効果的な対話と物語を綴る力による認知度の向上

2021年にASCは、イベント、コンペ、プロモーション、試食会を主催し、230を超える営利および非営利パートナーとの協力により、魅力ある啓蒙活動を実施して、消費者に関心を高めてもらいました。パートナーの中には、小売業者、魚の卸売業者、鮮魚店、著名な銘柄を有する企業、レストランやファーストフードチェーン店、NGO、動物園、水族館、博物館などが含まれます。

枯渇した魚資源を立て直し、漁業と養殖による環境的および社会的影響を軽減することを目指す非営利団体の「持続可能な水産業の協力関係 (Sustainable Fisheries Partnership)」のプログラムディレクター、デイブ・マーティン氏は次のように述べています。「過去数年にわたってASCと協力し、責任ある水産養殖をどう相互補佐できるのか、特に水産養殖をどう改善するのかという点を模索できた、貴重で有益な工程でした。」

制度保証による信頼の強化

2021年には、認証機関により審査が67回実施されました。定義された目標領域の92%を網羅し、かつ、事例に対応する内容です。ASC認証に対応する認証機関も14に増え、今では、ASCの厳格な環境的および社会的要件に照らして養殖場を審査する資格を持つ審査員は、世界中に184人います。
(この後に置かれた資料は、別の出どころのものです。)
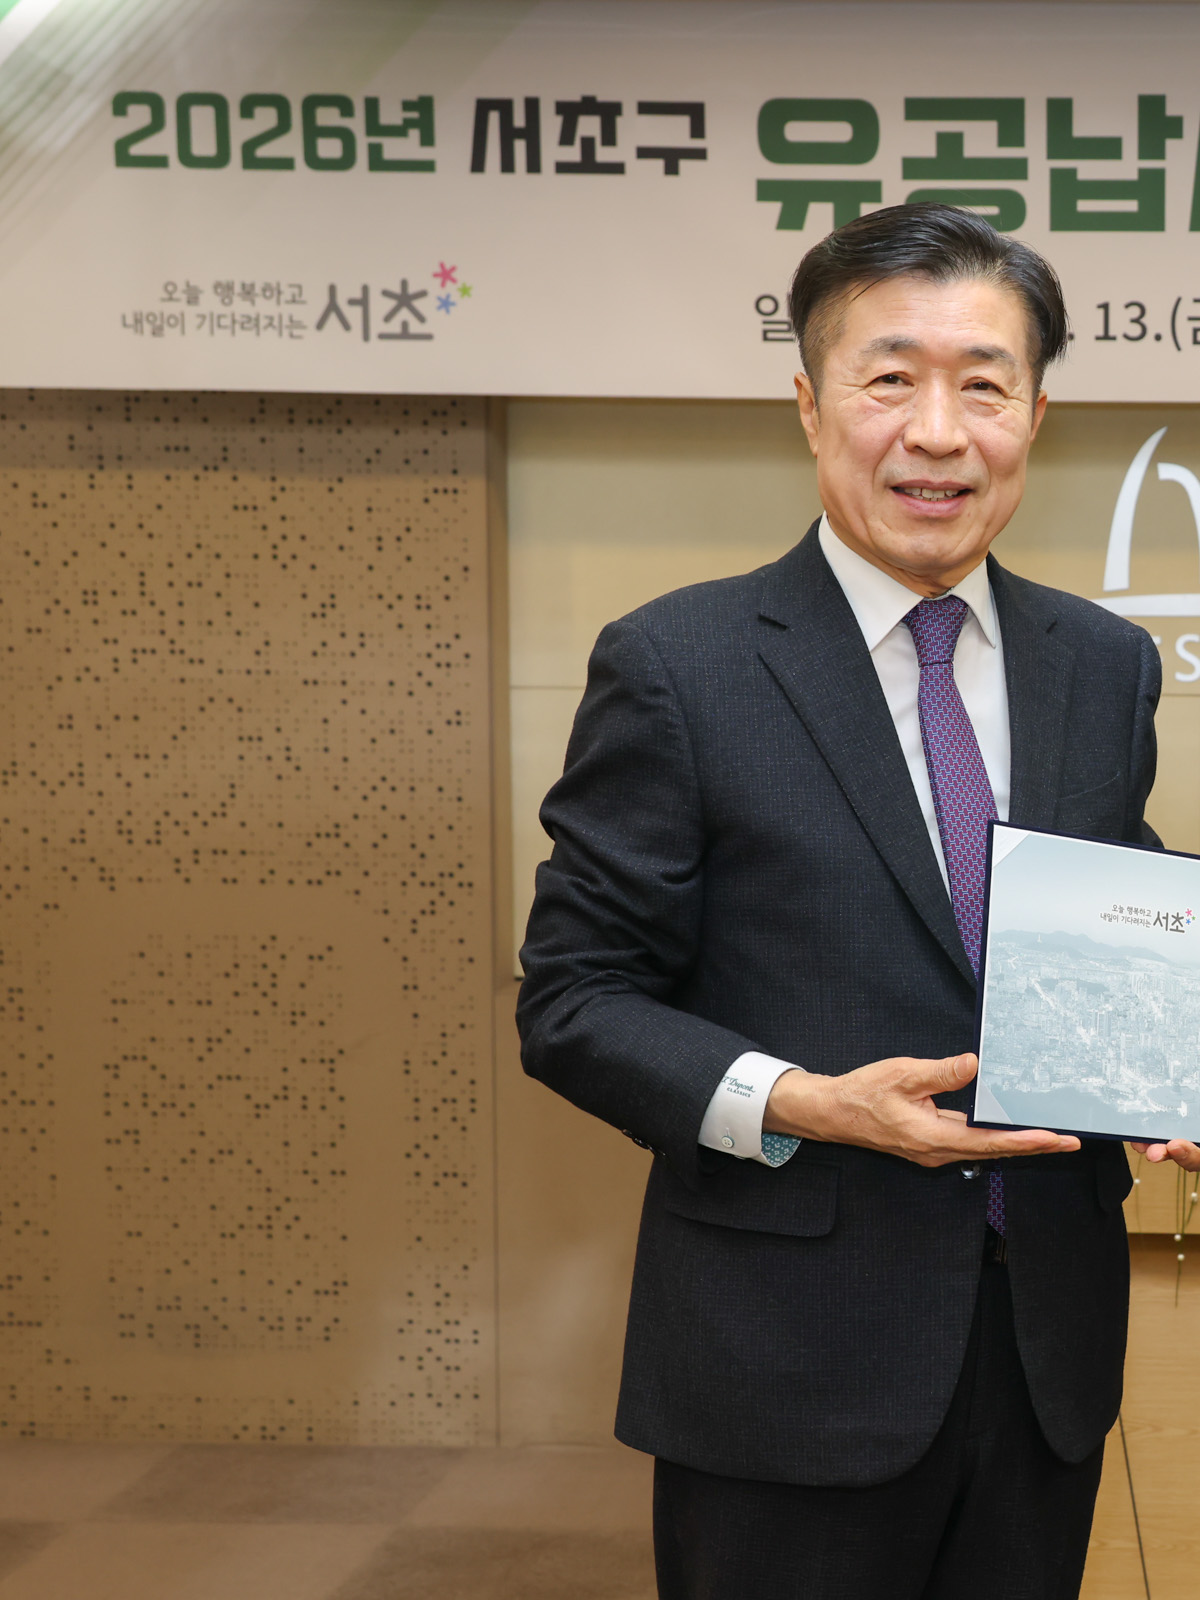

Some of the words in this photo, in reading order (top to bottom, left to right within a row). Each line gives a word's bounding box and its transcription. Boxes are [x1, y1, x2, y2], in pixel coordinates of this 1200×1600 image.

[111, 91, 436, 172] 2026년
[470, 95, 707, 176] 서초구
[160, 280, 202, 306] 오늘
[213, 281, 306, 306] 행복하고
[315, 279, 434, 342] 서초
[122, 312, 185, 337] 내일이
[196, 312, 307, 339] 기다려지는
[1100, 913, 1119, 923] 내일이
[1121, 916, 1152, 928] 기다려지는
[1112, 904, 1124, 914] 오늘
[1127, 906, 1152, 917] 행복하고
[1153, 910, 1185, 934] 서초
[727, 1087, 751, 1098] CLASSICS
国際連合食糧農業機関の 2022年度「世界漁業・養殖業白書 (SOFIA)」で指摘されている通り、水産物の需要の増加、その価値の高さ、そして、サプライチェーンの複雑さにより、詐欺の危険が現実のものとなっています。ASCが実施する制度保証業務は、革新的な技術を使用して、これらのリスクに対処することを目的としています。たとえば、微量元素フィンガープリンティング(TEF)を使えば、既知のサンプルのデータベースに照らして製品を検査することで、供給元の養殖場までの製品のトレーサビリティ(追跡可能性)を得られます。

フィードバックによる改善

2021年、ASCは、ASC養殖場基準、CoCモジュール、魚の福祉、および飼料認証要件という4つの重要な制度の改善点について、パブリックコンサルテーションを実施しました。コンサルテーションでは、利害関係者代表の包括的な参加目標を達成できました。今後はすべてのASC認証魚種にわたって、生産者の参加をさらに改善することを目指しています。35か国の300を超える利害関係者(組織および個人)に、ASCのコンサルテーションを通じてフィードバックをもらいました。

継続的な進歩

「私たちは、継続的に改善を行い、制度を開発し、組織の使命を支える意識を向上できると期待しており、今後数年、毎年の進捗状況を実証できることを楽しみにしています」とニネス氏が締めくくっています。